Two physical therapists (each having 20 years of experience) conducted all the measurements; evaluators were blinded regarding group assignment. SWC was performed by a trained nurse; finally the HVPC and LLLT treatments were performed by one physical therapist.


Primary outcome:
Healing: defined as yes or no, if a closure of at least 75 % or more of the sum of areas of all ulcers per patient ocurred after the 16th week of intervention.

Secondary outcomes:
Healing Proportion: measurement obtained as the percent of baseline area, based on the sum of the areas of all ulcers per patient, for weeks 4, 8, 12 and 16 defined as follows: [(initial area - end area)/ initial area x 100].

Characteristics of the ulcers: Wounds were categorized using the Wagner Classification System. This system assess the wound depth, infection and ischemia and gives six wound stages. The ulcer location was identified on a picture of the foot and distal leg with views of the lateral and plantar foot. The wound surface area was measured using the acetate tracing method; this involved directly applying a clean transparent film to the wound and then tracing the wound edges.
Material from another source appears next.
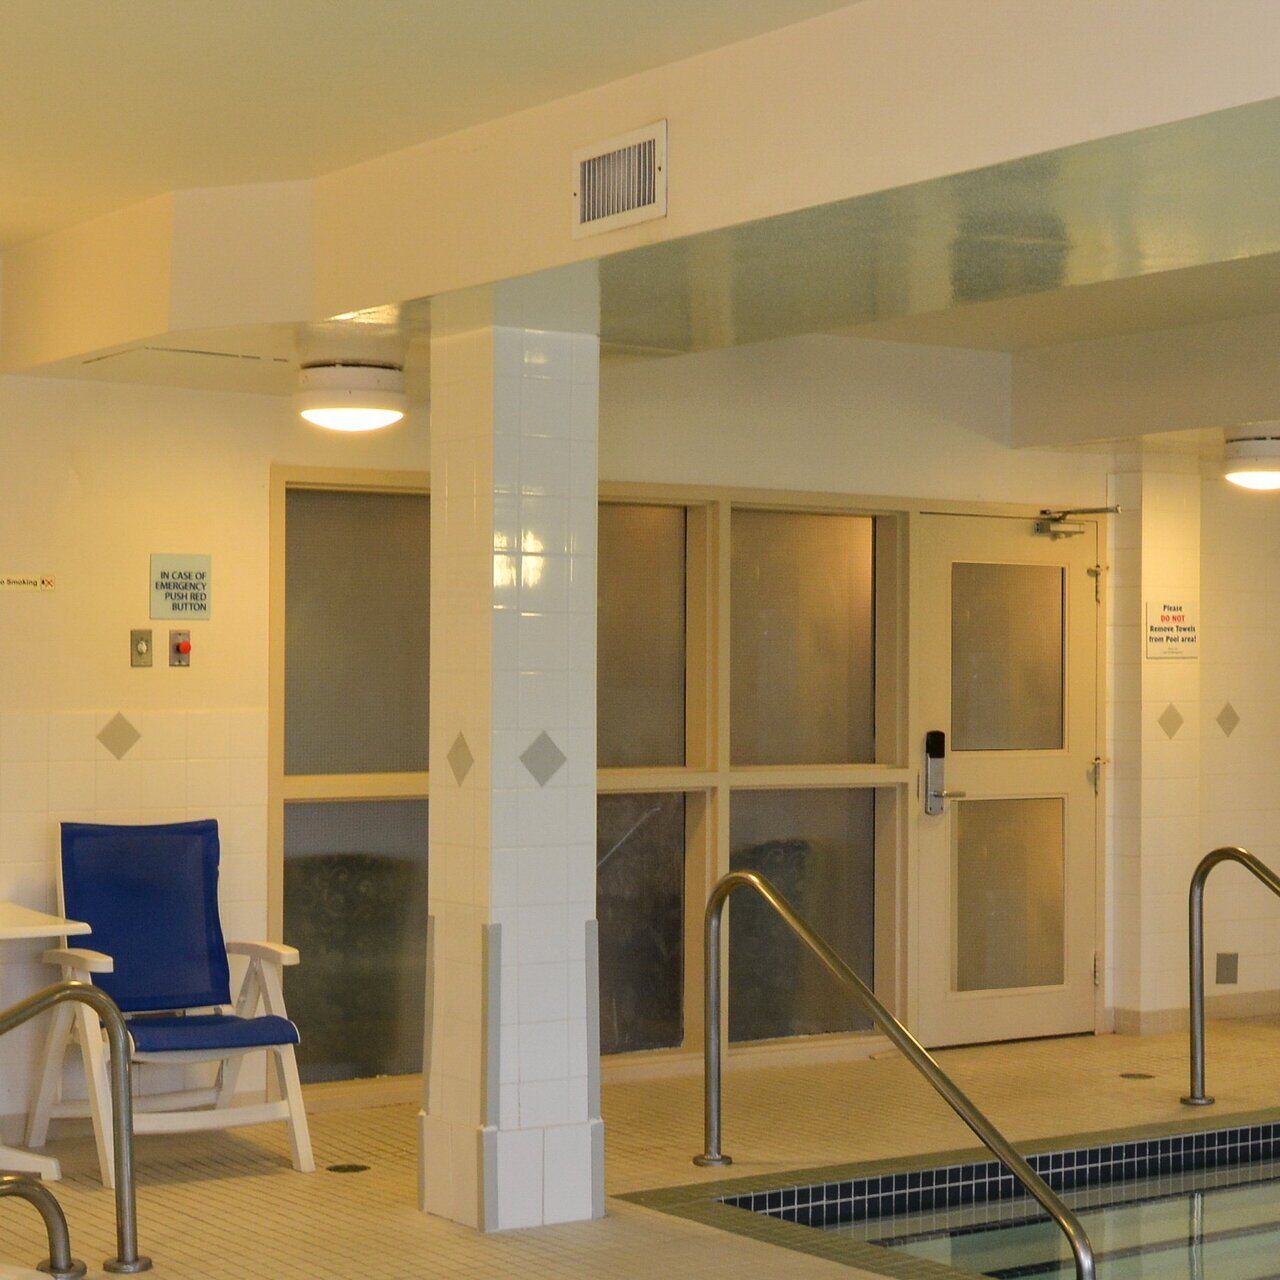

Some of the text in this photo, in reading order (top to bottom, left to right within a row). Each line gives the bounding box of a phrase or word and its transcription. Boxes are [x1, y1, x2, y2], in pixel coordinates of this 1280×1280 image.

This tracing was transposed onto graph-paper and then scanned to determine wound area in cm2 using Image 1,39 usoftware (National Institutes of Health, USA). Wound depth was measured by using a sterile cottontipped applicator which was placed into the deepest part of the wound and then withdrawn and measured in millimeters. Ulcer progression toward healing was determined by surface area measurement recorded in months.

Protective Sensation Test and Nerve Conduction Studies (NCS): Peripheral nerve function was assessed by using the protective sensation testing and NCS of the sural, medial plantar and posterior tibial nerves. Data from these tests were used to show whether the therapeutic interventions induce changes in a patient's neuropathic status.

Protective sensation was examined using the Semmes- Weinstein monofilament test (Touch-Test™) which is considered a sensitive method for determining the presence or absence of protective sensation in the neuropathic diabetic foot. The monofilament test was selected and modified from Sangyeop method where a 10 g monofilament was applied only once to each of 10 points on the foot's plantar surface. However, some of the 10 points were not located within the medial plantar nerve and sural nerve's cutaneous distribution area. Sangyeop's test was thus modified by increasing the number of test points to 20, 10 points being located within the medial plantar nerve's distribution area and 10 within the sural nerve's distribution area. An abnormal protective sensation was defined as being the inability to perceive the monofilament at 6 or more evaluation sites for each nerve.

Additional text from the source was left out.